# What this task involves
Every line from the one with "this 1500×1125 image." through the end of the entries below must be retyped exactly, and only those lines. The pictures are not part of the copy.

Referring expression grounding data
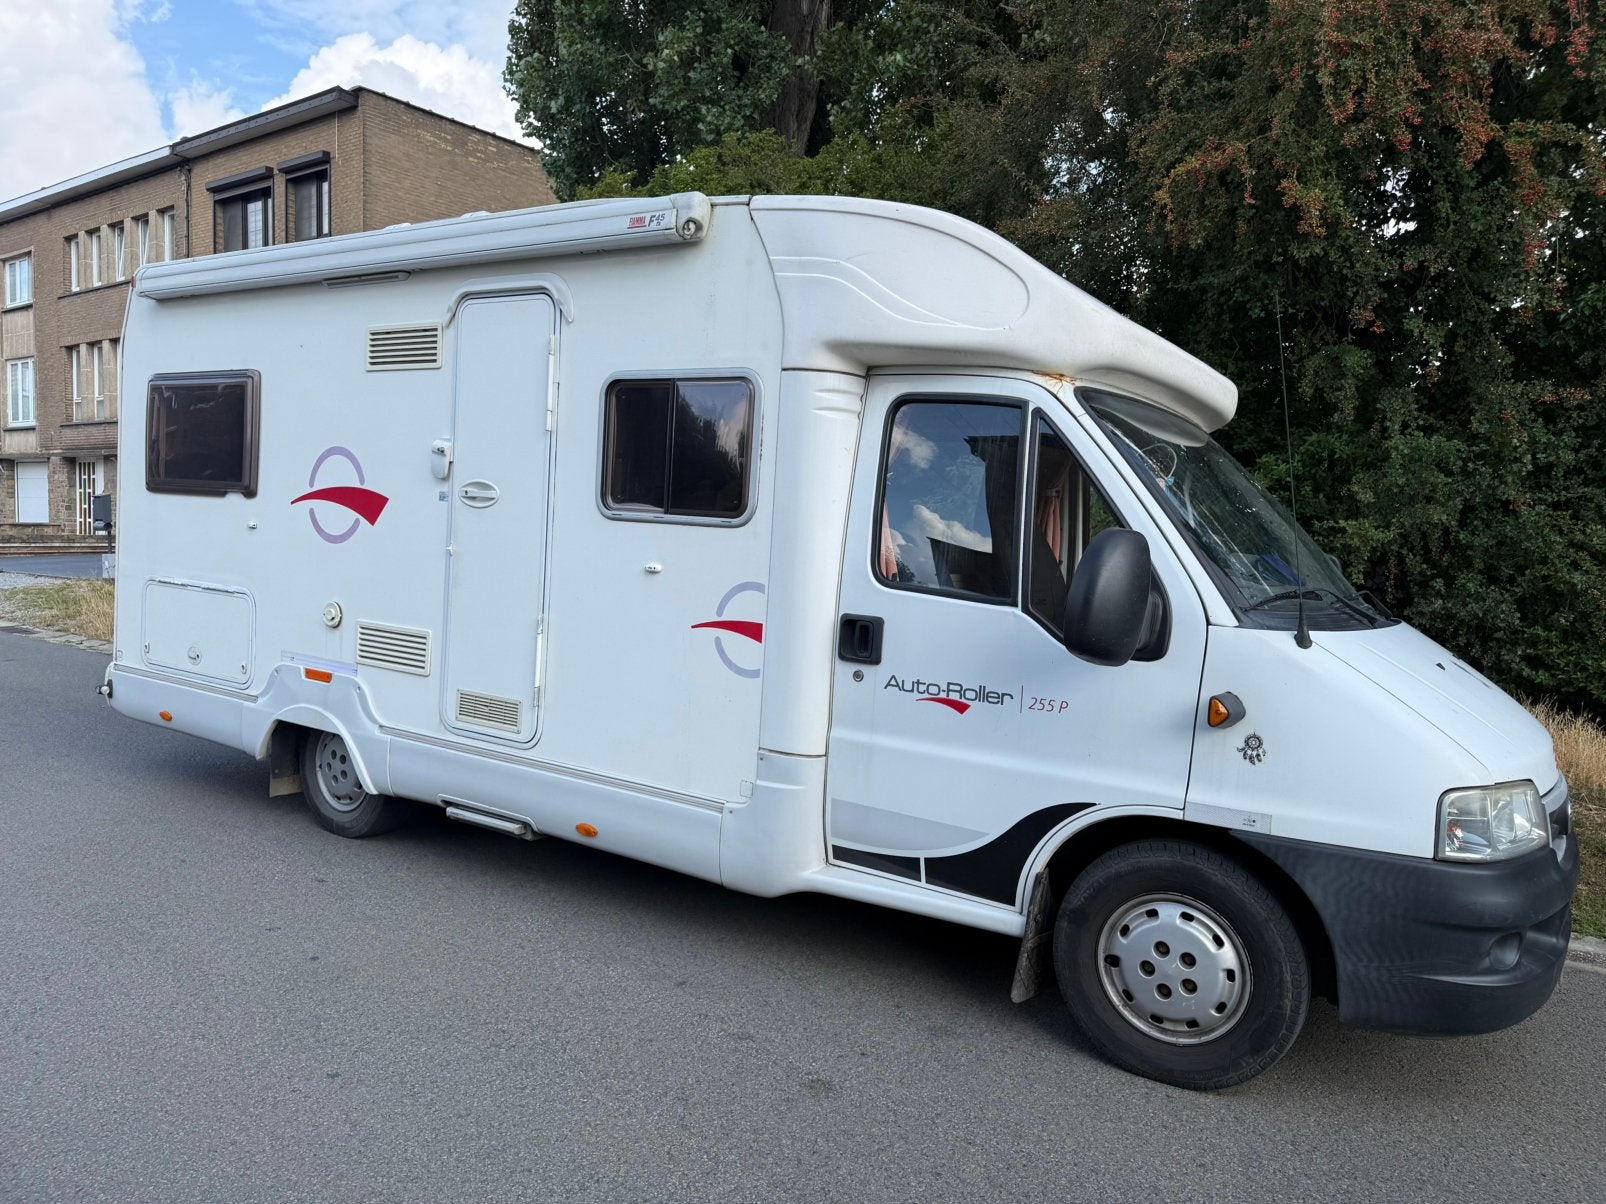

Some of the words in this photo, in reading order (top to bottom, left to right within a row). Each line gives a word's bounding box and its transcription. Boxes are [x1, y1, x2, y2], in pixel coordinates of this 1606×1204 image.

[884, 674, 1014, 706] Auto-Roller
[1028, 696, 1056, 712] 255
[1058, 700, 1070, 714] P
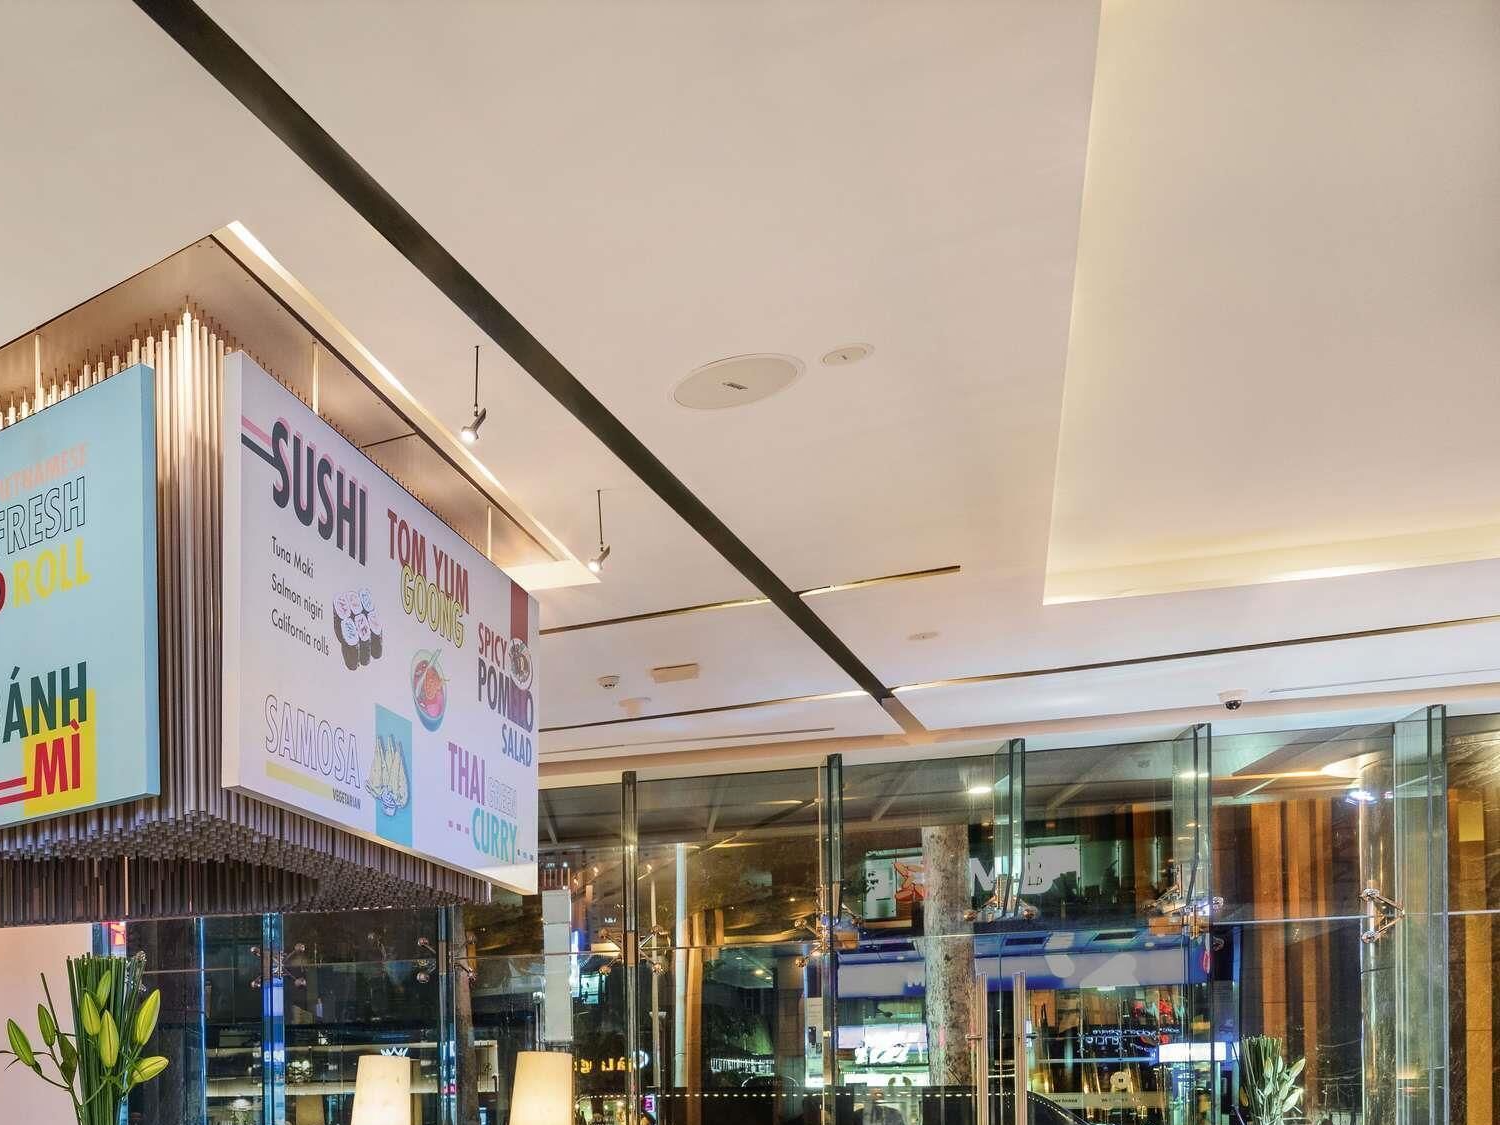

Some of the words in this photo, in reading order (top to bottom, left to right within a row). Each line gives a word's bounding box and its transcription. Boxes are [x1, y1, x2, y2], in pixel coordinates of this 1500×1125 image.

[272, 416, 369, 567] SUSHI
[12, 538, 92, 609] ROLL
[271, 535, 291, 564] Tuna
[293, 551, 314, 579] Maki
[388, 508, 427, 579] TOM
[433, 544, 470, 615] YUM
[271, 573, 301, 608] Salmon
[303, 598, 324, 622] nigiri
[401, 564, 465, 649] GOONG
[271, 608, 311, 645] California
[313, 636, 329, 656] rolls
[478, 622, 508, 669] SPICY
[478, 656, 534, 733] POMO
[265, 694, 361, 789] SAMOSA
[502, 723, 532, 768] SALAD
[332, 788, 361, 810] VEGETARIAN
[448, 741, 486, 806] THAI
[471, 807, 518, 864] CURRY
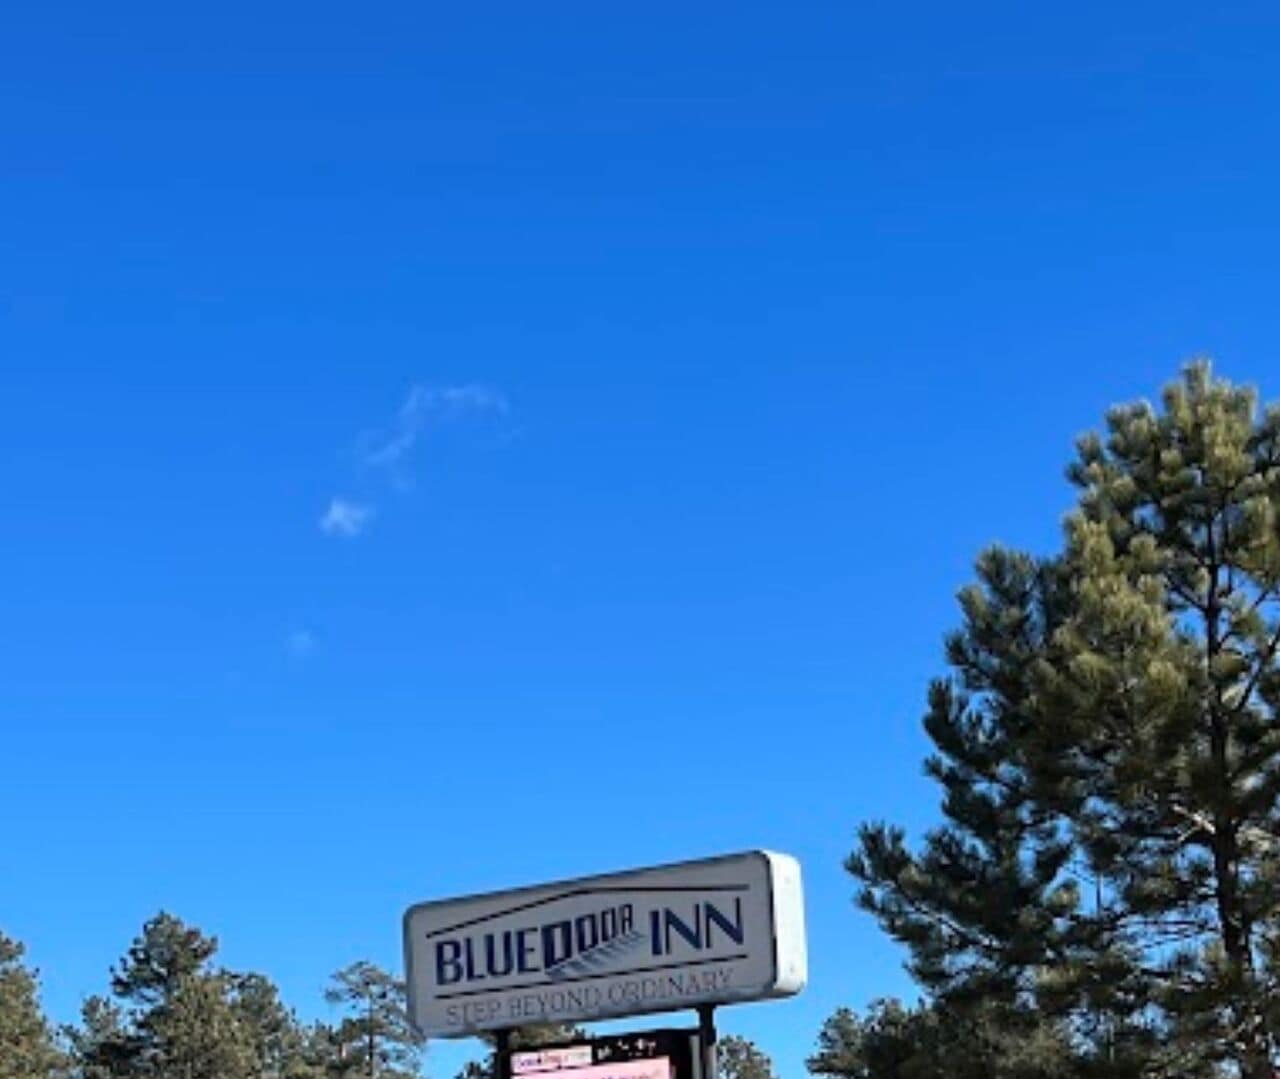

# Exercise output
Some of the words in this photo, in reading order (top to bottom, left to right within a row). Each line gives a word's bounding box and its transcription. Boxes are [x1, y1, x2, y2], in pixel coordinates of this 1500×1125 image.

[272, 416, 369, 567] SUSHI
[12, 538, 92, 609] ROLL
[271, 535, 291, 564] Tuna
[293, 551, 314, 579] Maki
[388, 508, 427, 579] TOM
[433, 544, 470, 615] YUM
[271, 573, 301, 608] Salmon
[303, 598, 324, 622] nigiri
[401, 564, 465, 649] GOONG
[271, 608, 311, 645] California
[313, 636, 329, 656] rolls
[478, 622, 508, 669] SPICY
[478, 656, 534, 733] POMO
[265, 694, 361, 789] SAMOSA
[502, 723, 532, 768] SALAD
[332, 788, 361, 810] VEGETARIAN
[448, 741, 486, 806] THAI
[471, 807, 518, 864] CURRY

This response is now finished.